ふと、からからに干からびた物体が触れた。これは―――舌だ。
先ほど駆け寄ってきたマティルの、乾ききった舌だった。
友が恐怖している。俺に判断を仰いでいる。信じている。わかっていた。
逃げられないのならば、
「やるぞマティ。通じるかどうかわからないけど…『剣導』しかない」
戦うしか道はないのだ。
―――彼らが対峙している中、アスク・ブレードナイトは黒玉の少年をずっと
見つめていた。体色に同化しそうな漆黒の瞳は、まだ諦めていない。ひとまずは安心した。

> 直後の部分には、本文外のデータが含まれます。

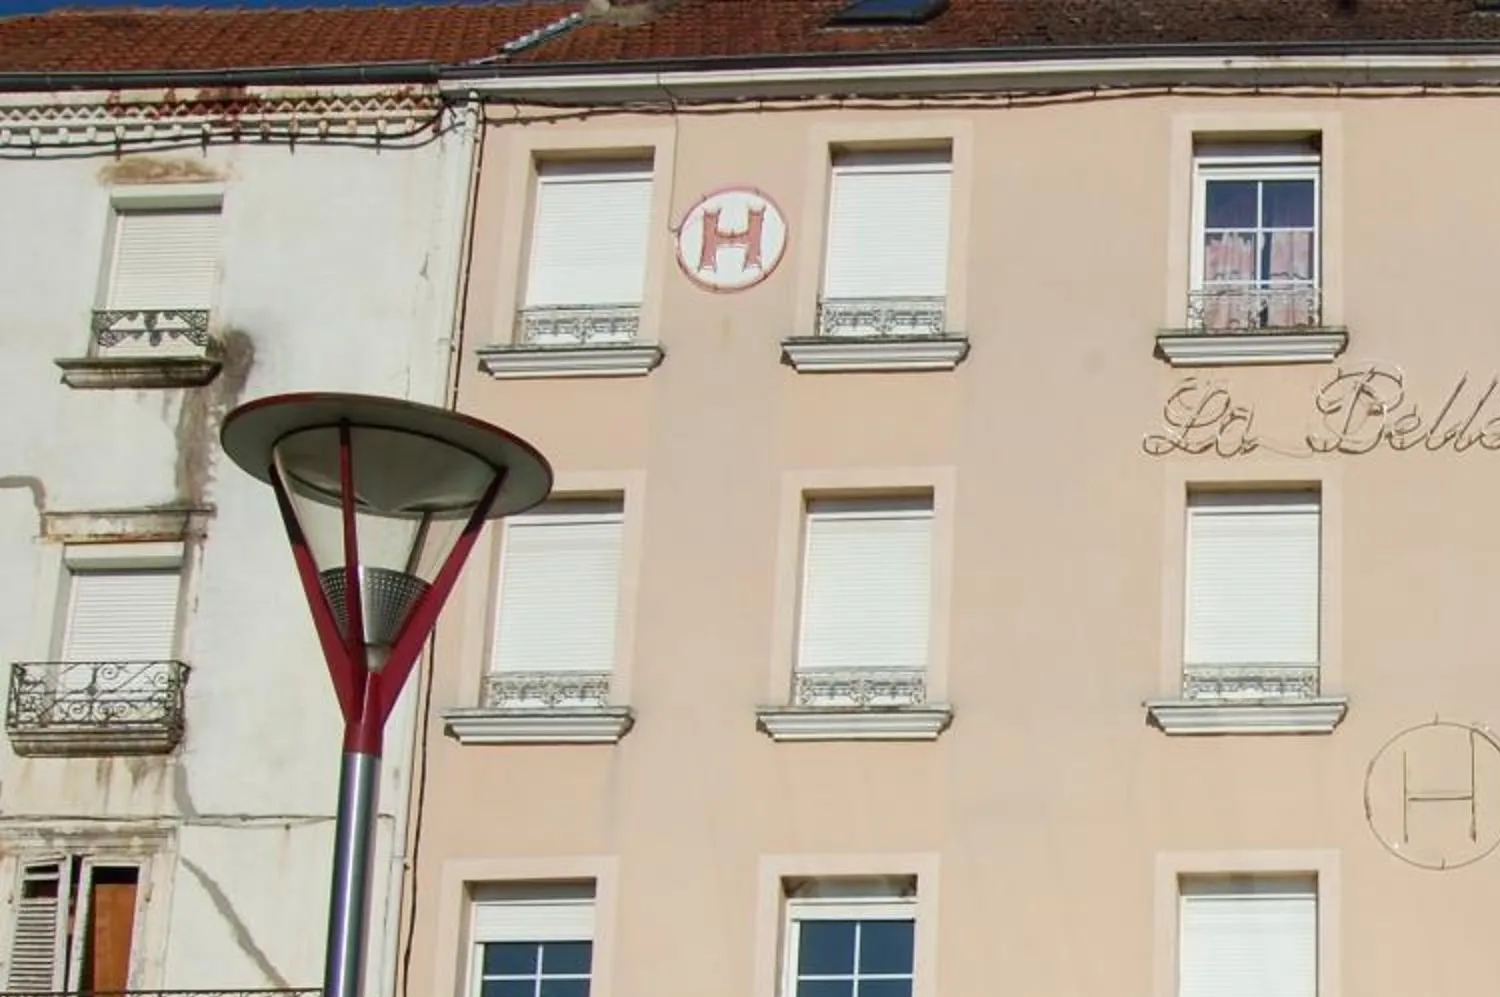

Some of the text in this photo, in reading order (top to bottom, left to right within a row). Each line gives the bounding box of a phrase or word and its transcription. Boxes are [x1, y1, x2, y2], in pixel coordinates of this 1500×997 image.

[697, 205, 767, 272] H
[1142, 376, 1261, 459] La
[1402, 728, 1477, 844] H

あのような放任でここまでの成長を遂げたのは、あの親友あってのもののようだ。
大した措置もとれなかったが、用意した環境が予想以上に役立ってくれているらしい。
精神(こころ)身体も、『出発前』としては及第点といったところだろう。
「彼女」ともそれなりにやりあえているようだし、早々に死ぬということはなさそうだ。
しかし、幾ら現時点で優秀だろうと、このまま停滞してしまっては意味が無い。まだまだだ。

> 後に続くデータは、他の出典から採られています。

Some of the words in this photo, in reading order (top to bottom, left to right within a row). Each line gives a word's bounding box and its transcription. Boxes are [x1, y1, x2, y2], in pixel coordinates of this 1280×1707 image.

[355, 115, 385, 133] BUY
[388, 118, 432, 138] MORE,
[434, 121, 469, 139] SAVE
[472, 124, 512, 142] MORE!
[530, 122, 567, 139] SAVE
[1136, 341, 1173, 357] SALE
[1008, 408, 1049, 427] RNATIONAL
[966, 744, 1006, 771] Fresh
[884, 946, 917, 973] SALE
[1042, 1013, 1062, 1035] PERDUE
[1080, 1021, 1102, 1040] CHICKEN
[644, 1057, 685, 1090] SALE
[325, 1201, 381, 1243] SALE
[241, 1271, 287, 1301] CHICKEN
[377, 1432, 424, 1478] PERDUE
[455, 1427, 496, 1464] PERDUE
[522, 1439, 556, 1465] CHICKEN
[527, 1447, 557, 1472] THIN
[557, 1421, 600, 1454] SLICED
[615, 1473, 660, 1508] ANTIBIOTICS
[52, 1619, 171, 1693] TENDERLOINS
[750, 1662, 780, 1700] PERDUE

すべては大人が、我々が仕組んだ勝手な事情、だがしかし、彼ら以外にはいないのだ。
これから活動が本格化する。邪神も、悪夢も、動かなくてはならない。
奴らの手ではなく、彼らの手で行うのだ。たとえ、何が起ころうとも。
できなければ、世界が滅ぶ。
彼らは、この惑星を壊すために生まれて来たのだから。
「だが彼ら二人だけでは、上手くいく筈の作戦も失敗に終わる。まずは、友を集めるんだ。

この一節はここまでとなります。